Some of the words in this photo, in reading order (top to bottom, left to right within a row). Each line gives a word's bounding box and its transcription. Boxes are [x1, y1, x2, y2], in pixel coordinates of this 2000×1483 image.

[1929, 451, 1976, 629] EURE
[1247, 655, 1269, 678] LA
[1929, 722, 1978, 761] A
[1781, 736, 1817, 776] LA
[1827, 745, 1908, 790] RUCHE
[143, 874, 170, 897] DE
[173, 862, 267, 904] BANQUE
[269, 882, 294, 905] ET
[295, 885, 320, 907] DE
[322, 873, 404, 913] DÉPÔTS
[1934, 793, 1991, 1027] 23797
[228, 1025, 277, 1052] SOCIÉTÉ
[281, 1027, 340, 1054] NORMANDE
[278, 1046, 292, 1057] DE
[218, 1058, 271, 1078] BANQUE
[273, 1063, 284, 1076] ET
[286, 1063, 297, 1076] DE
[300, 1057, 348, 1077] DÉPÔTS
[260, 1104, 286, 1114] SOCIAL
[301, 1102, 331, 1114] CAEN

- What the exercise asks
The records above are to be transcribed exactly, with nothing left out.

- Solution to this problem
Some of the words in this photo, in reading order (top to bottom, left to right within a row). Each line gives a word's bounding box and its transcription. Boxes are [x1, y1, x2, y2], in pixel coordinates of this 2000×1483 image.

[1929, 451, 1976, 629] EURE
[1247, 655, 1269, 678] LA
[1929, 722, 1978, 761] A
[1781, 736, 1817, 776] LA
[1827, 745, 1908, 790] RUCHE
[143, 874, 170, 897] DE
[173, 862, 267, 904] BANQUE
[269, 882, 294, 905] ET
[295, 885, 320, 907] DE
[322, 873, 404, 913] DÉPÔTS
[1934, 793, 1991, 1027] 23797
[228, 1025, 277, 1052] SOCIÉTÉ
[281, 1027, 340, 1054] NORMANDE
[278, 1046, 292, 1057] DE
[218, 1058, 271, 1078] BANQUE
[273, 1063, 284, 1076] ET
[286, 1063, 297, 1076] DE
[300, 1057, 348, 1077] DÉPÔTS
[260, 1104, 286, 1114] SOCIAL
[301, 1102, 331, 1114] CAEN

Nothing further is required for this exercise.